▸ **Try it**
Output the records that follow, with every character intact.

▸ **Entries supplied**
^^^^^^^^
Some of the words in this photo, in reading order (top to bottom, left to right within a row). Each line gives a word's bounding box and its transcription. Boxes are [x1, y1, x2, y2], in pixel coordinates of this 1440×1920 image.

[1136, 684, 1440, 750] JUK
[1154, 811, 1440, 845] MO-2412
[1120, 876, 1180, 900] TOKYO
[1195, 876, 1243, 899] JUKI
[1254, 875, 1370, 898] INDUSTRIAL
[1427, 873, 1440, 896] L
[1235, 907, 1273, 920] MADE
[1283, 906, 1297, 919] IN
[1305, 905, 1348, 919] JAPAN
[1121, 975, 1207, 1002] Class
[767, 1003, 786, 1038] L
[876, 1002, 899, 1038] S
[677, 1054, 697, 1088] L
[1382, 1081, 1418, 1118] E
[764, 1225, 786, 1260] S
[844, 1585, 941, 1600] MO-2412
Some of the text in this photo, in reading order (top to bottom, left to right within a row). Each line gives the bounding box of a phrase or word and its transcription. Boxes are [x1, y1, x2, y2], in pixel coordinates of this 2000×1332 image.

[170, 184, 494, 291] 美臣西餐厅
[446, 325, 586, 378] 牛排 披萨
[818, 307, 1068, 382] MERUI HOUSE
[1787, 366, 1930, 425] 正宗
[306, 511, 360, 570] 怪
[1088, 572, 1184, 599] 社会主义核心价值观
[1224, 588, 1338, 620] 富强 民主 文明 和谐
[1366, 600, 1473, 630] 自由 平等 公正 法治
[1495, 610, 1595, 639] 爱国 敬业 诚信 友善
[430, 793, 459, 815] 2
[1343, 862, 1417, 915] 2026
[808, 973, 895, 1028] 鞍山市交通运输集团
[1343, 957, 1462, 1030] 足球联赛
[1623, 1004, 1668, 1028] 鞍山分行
^^^^^^^^
▸ **Result of this task**
Some of the words in this photo, in reading order (top to bottom, left to right within a row). Each line gives a word's bounding box and its transcription. Boxes are [x1, y1, x2, y2], in pixel coordinates of this 1440×1920 image.

[1136, 684, 1440, 750] JUK
[1154, 811, 1440, 845] MO-2412
[1120, 876, 1180, 900] TOKYO
[1195, 876, 1243, 899] JUKI
[1254, 875, 1370, 898] INDUSTRIAL
[1427, 873, 1440, 896] L
[1235, 907, 1273, 920] MADE
[1283, 906, 1297, 919] IN
[1305, 905, 1348, 919] JAPAN
[1121, 975, 1207, 1002] Class
[767, 1003, 786, 1038] L
[876, 1002, 899, 1038] S
[677, 1054, 697, 1088] L
[1382, 1081, 1418, 1118] E
[764, 1225, 786, 1260] S
[844, 1585, 941, 1600] MO-2412
Some of the text in this photo, in reading order (top to bottom, left to right within a row). Each line gives the bounding box of a phrase or word and its transcription. Boxes are [x1, y1, x2, y2], in pixel coordinates of this 2000×1332 image.

[170, 184, 494, 291] 美臣西餐厅
[446, 325, 586, 378] 牛排 披萨
[818, 307, 1068, 382] MERUI HOUSE
[1787, 366, 1930, 425] 正宗
[306, 511, 360, 570] 怪
[1088, 572, 1184, 599] 社会主义核心价值观
[1224, 588, 1338, 620] 富强 民主 文明 和谐
[1366, 600, 1473, 630] 自由 平等 公正 法治
[1495, 610, 1595, 639] 爱国 敬业 诚信 友善
[430, 793, 459, 815] 2
[1343, 862, 1417, 915] 2026
[808, 973, 895, 1028] 鞍山市交通运输集团
[1343, 957, 1462, 1030] 足球联赛
[1623, 1004, 1668, 1028] 鞍山分行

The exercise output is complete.